Ce que mai 1968 nous a légué de plus radical, c’est le projet d’occupation d’usines où les prolétaires commençaient à envisager de les faire tourner au profit de tous et de toutes (éventuellement en les reconvertissant). Le parti communiste s’y opposa violemment, ce fut sa dernière victoire avant l’effondrement définitif.
Le travail parasitaire et la spéculation boursière ont fait disparaître les lieux de production socialement utiles mais la volonté d’occuper des lieux où nos racines sont les racines du monde n’a pas fléchi. Récupérer les rues, les places, les communes, c’est un combat qui se livre à la base. Il n’est pas tolérable que les nourritures empoisonnées par l’industrie agro-alimentaire pourrissent l’air ambiant et pénètrent dans nos cuisines où nous avons le bonheur de concocter des plats sains et savoureux.
La terre est un lieu de jouissance humaine, non une jungle où règnent la prédation et l’appropriation. Nos libertés sont nourricières. Nous assistons à la renaissance d’une vie qui n’a que des commencements et ignore qu’il existe une fin.
« Nous avons moins besoin d’adeptes actifs que d’adeptes bouleversés » disait Antonin Artaud. Les situations à construire n’ont surtout pas besoin d’adeptes, mais de gens bouleversés devenus bouleversants.
Comme analysé sans mérite dans « Généalogie du dieu argent« , la situation sociétale est en théorie assez simple : d’un côté, diversifiée selon les diverses panoplies du Spectacle, une masse conditionnée pratiquant la servitude volontaire, certains ayant atteint un état zombie très avancé, de l’autre, minoritaire, un ensemble hétéroclite d’individus plus ou moins isolés luttant contre leurs conditionnements, plus ou moins émancipés de toutes sortes d’idéologies. Le tout sous la pression des désastres écologiques présents et à venir, de la mise en place accélérée du despotisme technoscientifique, de la dictature renforcée des apparences démocratiques, d’une déshumanisation en profondeur des relations, sur fond de survie en sursis perpétuel. Le fond stratégique est alors lui aussi assez simple, puisque, comme le disait la chanson, la vie n’est pas la mort, la mort n’est pas la vie – puisque le Spectacle est déjà fini. Les bouleversements seront permanents et le réaliser suffira à les rendre bouleversants.

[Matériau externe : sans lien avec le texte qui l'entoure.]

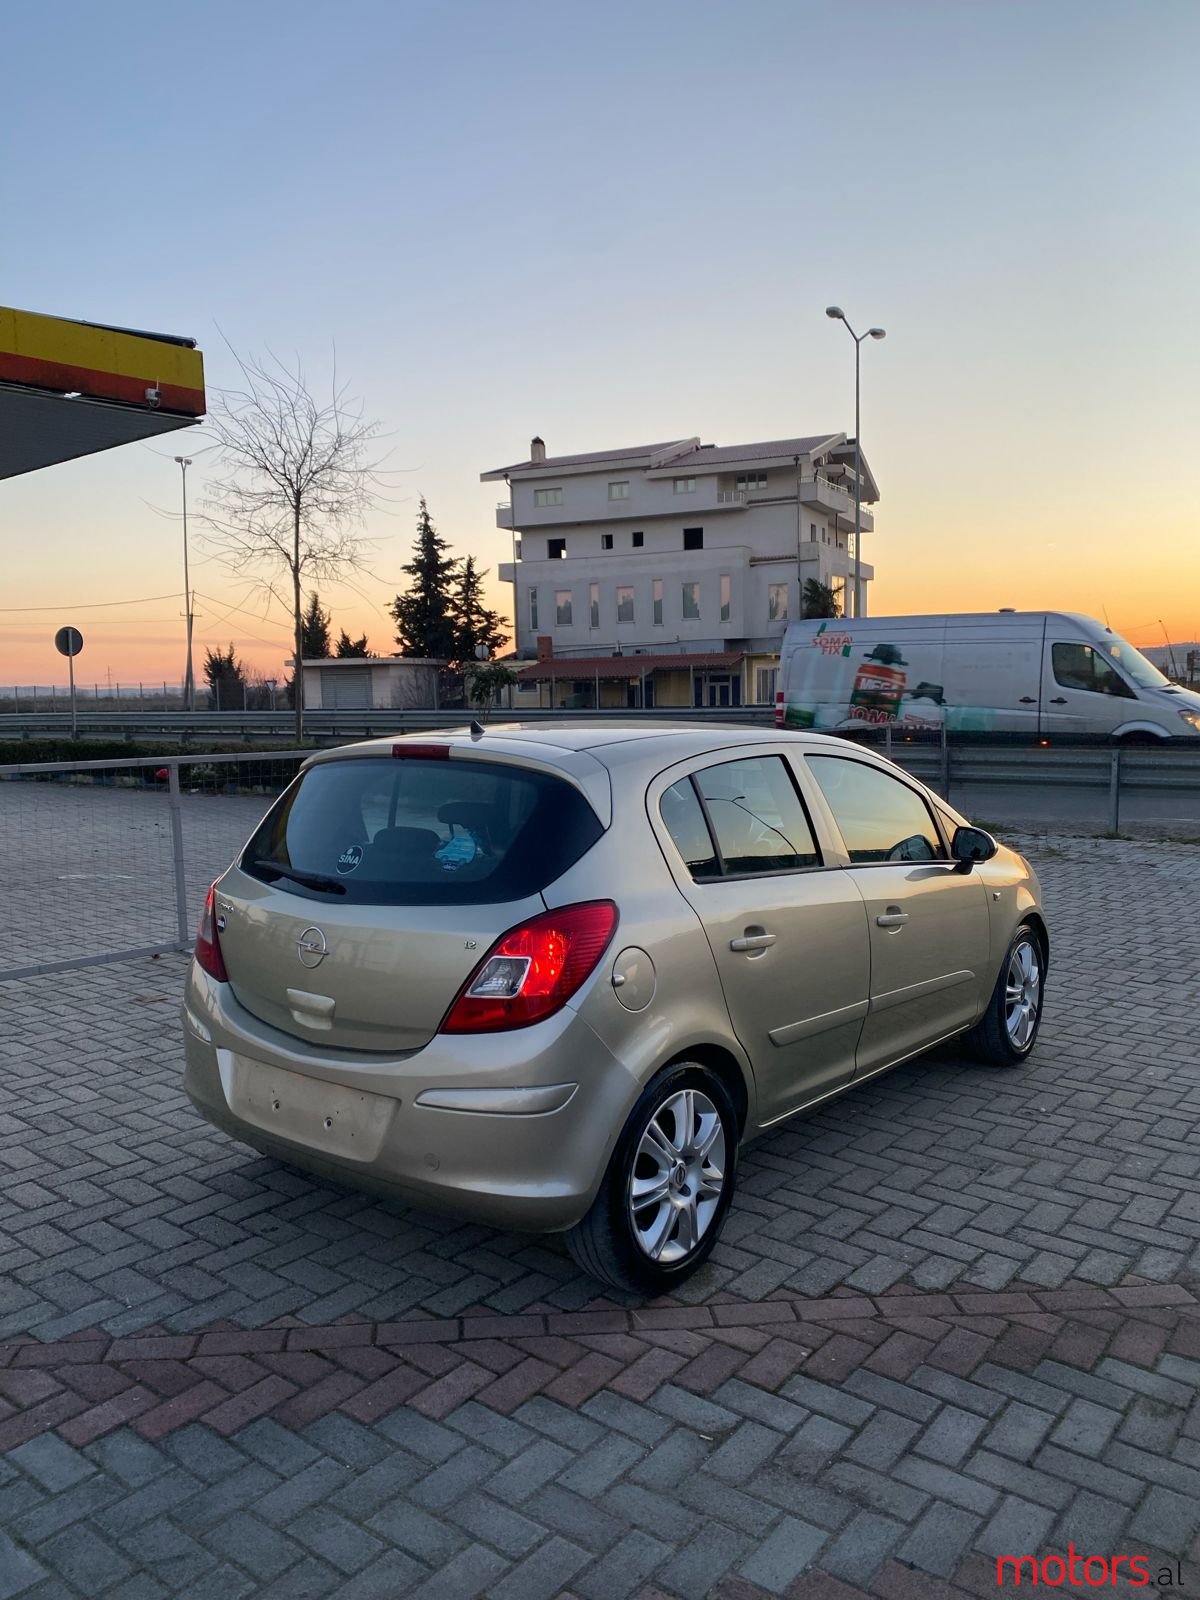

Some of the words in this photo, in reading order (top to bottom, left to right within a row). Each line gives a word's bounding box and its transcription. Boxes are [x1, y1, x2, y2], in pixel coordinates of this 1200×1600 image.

[812, 636, 850, 647] SOMA
[821, 645, 840, 656] FIX
[338, 854, 360, 865] SINA
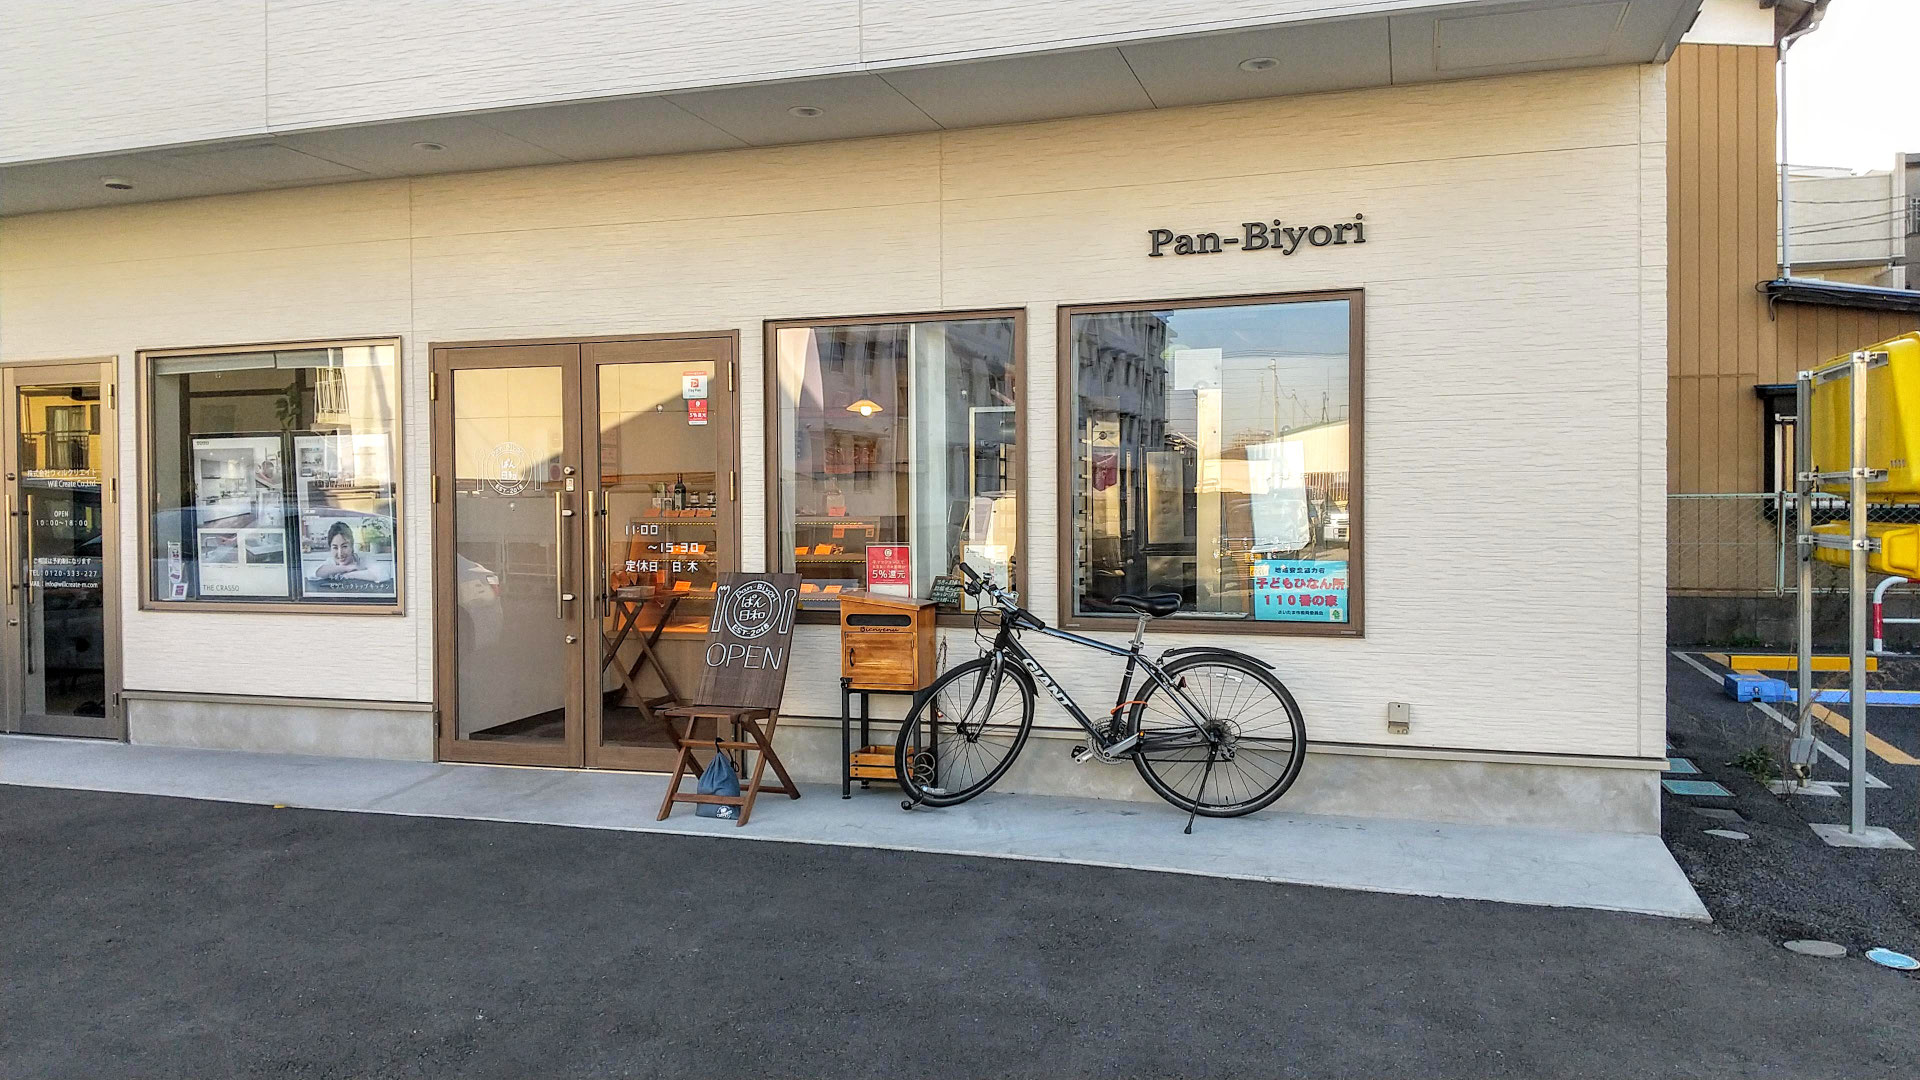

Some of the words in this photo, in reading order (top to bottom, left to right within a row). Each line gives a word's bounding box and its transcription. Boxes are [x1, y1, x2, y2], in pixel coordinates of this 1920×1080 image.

[1148, 213, 1366, 257] Pan-Biyori
[58, 480, 76, 488] Create
[53, 510, 69, 518] OPEN
[625, 524, 658, 535] 11:00
[625, 560, 658, 572] 定休日
[203, 584, 213, 592] THE
[215, 584, 240, 592] CRASSO
[1256, 577, 1345, 590] 子どもひなん所
[741, 594, 766, 608] ぱん
[1264, 594, 1338, 607] 110番の家
[739, 609, 766, 621] 日和
[731, 622, 770, 637] EST-2018
[706, 642, 783, 670] OPEN
[1022, 658, 1074, 707] GIANT

«Les Français vont voir des nouvelles images extrêmement violentes» annonçait Darmanin vendredi soir, la veille, sur la vomitive chaîne CNEWS.
Le ministre de l’Intérieur savait exactement ce qui était prévu le lendemain à Saint-Soline : une partie de ball trap destinée à briser physiquement et moralement les réseaux écologistes et anticapitalistes, mais plus généralement la contestation en plein essor qui menace de s’étendre.

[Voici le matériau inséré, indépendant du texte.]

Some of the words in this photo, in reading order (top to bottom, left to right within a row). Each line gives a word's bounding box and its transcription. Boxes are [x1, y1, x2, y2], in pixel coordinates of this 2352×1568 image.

Sur place, les 30 000 personnes ont pu atteindre le site de la mégabassine sans encombre et dans une ambiance plutôt festive. Mais une fois devant, ce cratère en terre battue – où il n’y avait strictement rien à casser – les abords avaient été transformés en camp retranché.
Malgré l’immense détermination et le courage sans faille des anti-bassines, c’était de toute évidence une place imprenable, destinée à mutiler.
Pendant des heures, ce fut donc un champ de tir et de désolation.
Grenades lancées par des blindés, assauts de gendarmes en quad qui tirent à vue aveuglément, détonations constantes, hélicoptères et drones dans le ciel. Dystopie en temps réel.
Plusieurs kilos de C4 ont explosé dans les champs de Sainte-Soline le 25 mars. 4000 grenades ont été tirées en quelques heures. Plusieurs personnes sont mutilées, un jeune homme est toujours dans le coma avec un pronostic incertain. Des milliers de personnes sont choquées.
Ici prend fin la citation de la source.